(Dataset entries)
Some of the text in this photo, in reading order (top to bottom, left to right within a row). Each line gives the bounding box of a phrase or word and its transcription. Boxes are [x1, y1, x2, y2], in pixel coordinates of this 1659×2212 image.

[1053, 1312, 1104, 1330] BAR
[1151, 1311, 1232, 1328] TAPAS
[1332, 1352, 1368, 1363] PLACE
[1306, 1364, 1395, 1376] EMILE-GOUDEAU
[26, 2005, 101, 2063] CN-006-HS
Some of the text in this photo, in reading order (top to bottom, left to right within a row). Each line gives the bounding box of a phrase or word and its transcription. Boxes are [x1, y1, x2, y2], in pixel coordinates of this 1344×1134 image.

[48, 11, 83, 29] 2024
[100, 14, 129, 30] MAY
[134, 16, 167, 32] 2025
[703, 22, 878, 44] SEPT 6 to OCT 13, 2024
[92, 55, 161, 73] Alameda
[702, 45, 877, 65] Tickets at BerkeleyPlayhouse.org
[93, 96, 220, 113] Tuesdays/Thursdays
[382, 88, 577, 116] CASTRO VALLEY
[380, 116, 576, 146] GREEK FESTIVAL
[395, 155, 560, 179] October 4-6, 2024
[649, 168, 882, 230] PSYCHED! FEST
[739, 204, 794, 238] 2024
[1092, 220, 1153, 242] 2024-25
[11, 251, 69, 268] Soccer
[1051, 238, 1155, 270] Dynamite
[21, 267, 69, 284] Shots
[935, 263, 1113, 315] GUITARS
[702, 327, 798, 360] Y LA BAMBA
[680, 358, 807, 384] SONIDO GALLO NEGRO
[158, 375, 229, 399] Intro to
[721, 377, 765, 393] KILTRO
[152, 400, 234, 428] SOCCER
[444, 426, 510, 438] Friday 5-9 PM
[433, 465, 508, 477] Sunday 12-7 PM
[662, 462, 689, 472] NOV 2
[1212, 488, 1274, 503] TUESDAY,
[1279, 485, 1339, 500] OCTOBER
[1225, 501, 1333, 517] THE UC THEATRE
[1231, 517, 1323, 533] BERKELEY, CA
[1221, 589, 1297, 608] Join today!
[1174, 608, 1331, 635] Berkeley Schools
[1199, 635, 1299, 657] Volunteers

What is needed: Copy all the entries exactly.

Reply:
Some of the text in this photo, in reading order (top to bottom, left to right within a row). Each line gives the bounding box of a phrase or word and its transcription. Boxes are [x1, y1, x2, y2], in pixel coordinates of this 1659×2212 image.

[1053, 1312, 1104, 1330] BAR
[1151, 1311, 1232, 1328] TAPAS
[1332, 1352, 1368, 1363] PLACE
[1306, 1364, 1395, 1376] EMILE-GOUDEAU
[26, 2005, 101, 2063] CN-006-HS
Some of the text in this photo, in reading order (top to bottom, left to right within a row). Each line gives the bounding box of a phrase or word and its transcription. Boxes are [x1, y1, x2, y2], in pixel coordinates of this 1344×1134 image.

[48, 11, 83, 29] 2024
[100, 14, 129, 30] MAY
[134, 16, 167, 32] 2025
[703, 22, 878, 44] SEPT 6 to OCT 13, 2024
[92, 55, 161, 73] Alameda
[702, 45, 877, 65] Tickets at BerkeleyPlayhouse.org
[93, 96, 220, 113] Tuesdays/Thursdays
[382, 88, 577, 116] CASTRO VALLEY
[380, 116, 576, 146] GREEK FESTIVAL
[395, 155, 560, 179] October 4-6, 2024
[649, 168, 882, 230] PSYCHED! FEST
[739, 204, 794, 238] 2024
[1092, 220, 1153, 242] 2024-25
[11, 251, 69, 268] Soccer
[1051, 238, 1155, 270] Dynamite
[21, 267, 69, 284] Shots
[935, 263, 1113, 315] GUITARS
[702, 327, 798, 360] Y LA BAMBA
[680, 358, 807, 384] SONIDO GALLO NEGRO
[158, 375, 229, 399] Intro to
[721, 377, 765, 393] KILTRO
[152, 400, 234, 428] SOCCER
[444, 426, 510, 438] Friday 5-9 PM
[433, 465, 508, 477] Sunday 12-7 PM
[662, 462, 689, 472] NOV 2
[1212, 488, 1274, 503] TUESDAY,
[1279, 485, 1339, 500] OCTOBER
[1225, 501, 1333, 517] THE UC THEATRE
[1231, 517, 1323, 533] BERKELEY, CA
[1221, 589, 1297, 608] Join today!
[1174, 608, 1331, 635] Berkeley Schools
[1199, 635, 1299, 657] Volunteers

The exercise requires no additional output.